If Arsene Wenger leaves Arsenal, then that is to Arsenal's severe detriment and any Arsenal fan would be a fool to think otherwise. We havea fantastic club, which is enjoying one if it's longest spells at the very top of the game. Yes, we haven't won any trophies for five seasons but that's peanuts compared to how long the club has gone in the past without silverware.

And it's not like the club hasn't challenged in those five years. A Carling Cup Final, an FA Cup Semifinal, two very serious challenges for the League title, and the club's first ever European Cup final. Even without trophies we are still the envy of all but a few football clubs in England and beyond, and our manager is the man responsible, and lately some of our fans seem to have forgotten that.

Anyway, moving on to a bit of news. Samir Nasri, it's been plain to see this preseason, is a man on a mission. It's obvious he feels the need to put right the injustice of his exclusion from the France squad for World Cup and has by all accounts been applying himself with a new focus and energy to his football.

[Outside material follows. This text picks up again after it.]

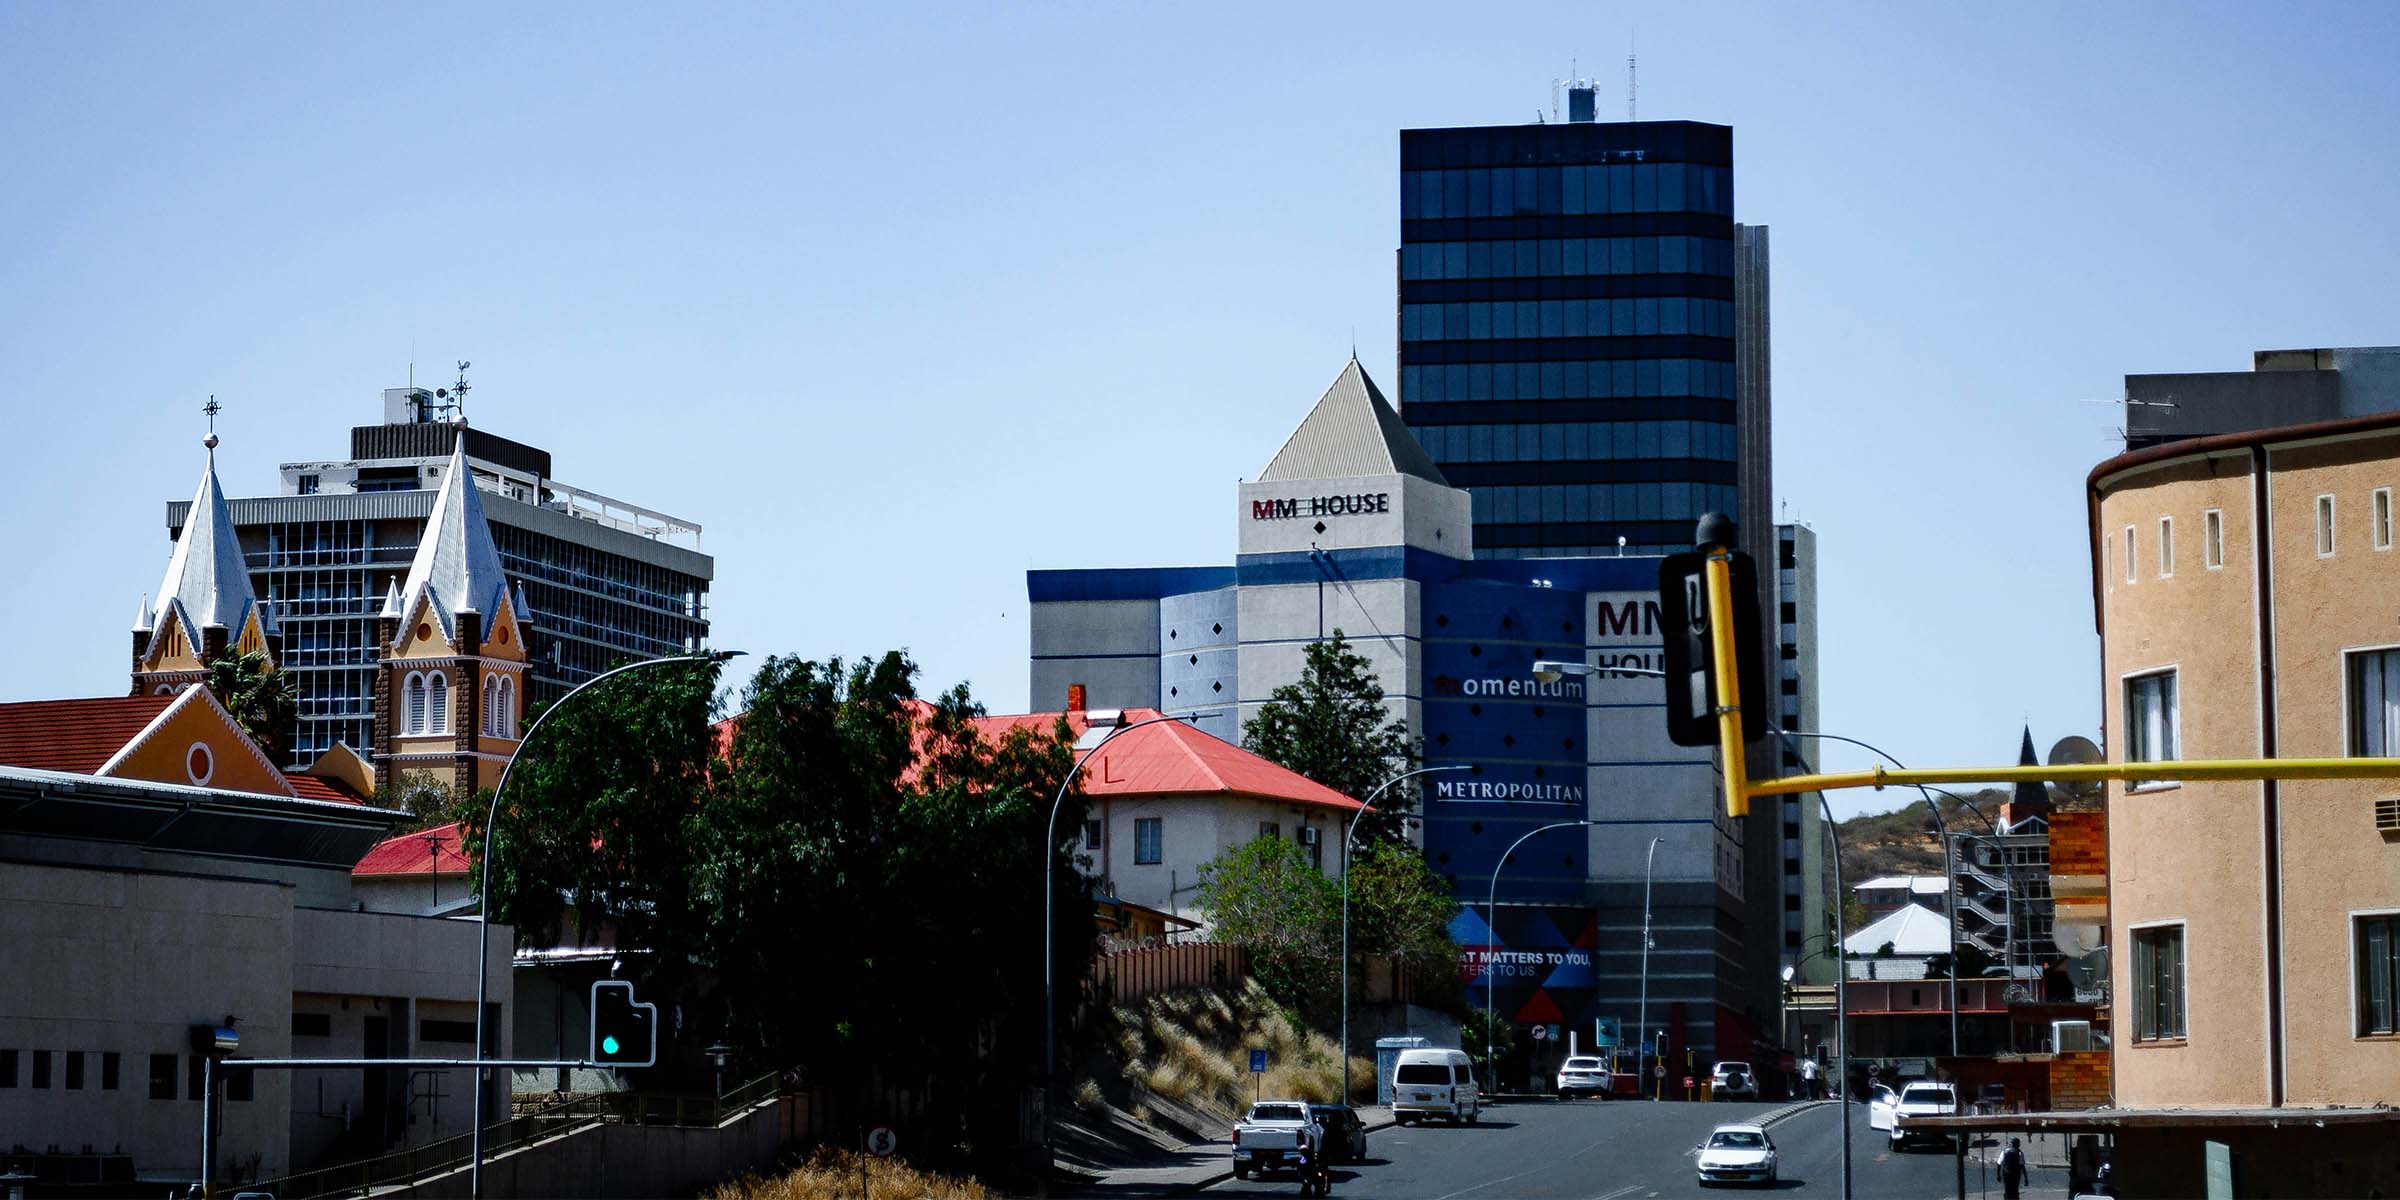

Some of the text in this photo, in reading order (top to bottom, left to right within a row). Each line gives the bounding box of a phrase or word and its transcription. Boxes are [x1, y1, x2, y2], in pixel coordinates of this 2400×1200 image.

It's exactly the right response to a disappointment like the one Nasri had this summer, and I hope Theo Walcott is paying attention. To take a set back and turn it into motivation to succeed is a winner's mentality, something we need plenty of at Arsenal. I have the feeling that this is going to be a terrific season for Nasri. He's away with the France squad this week, let's hope he doesn't come back with any annoying injuries.

Despite the somewhat farcical nature of the rumour that Manchester City were going to give Arsenal Shay Given on loan, that rumour hasn't gone away with Given insisting that he doesn't want to a substitute anywhere.

It's quite remarkable that he's gone so public, I would have thought he had little to worry about. Joe Hart is a good goalkeeper but I've no doubt I'd play Given ahead of him. However things don't seem to work the way they do everywhere else at Manchester City. I still they'd have to be insane to sell or loan Shay Given to Arsenal, but I guess we'll wait and see if anything happens.

That'll just about do it for today, have a good one.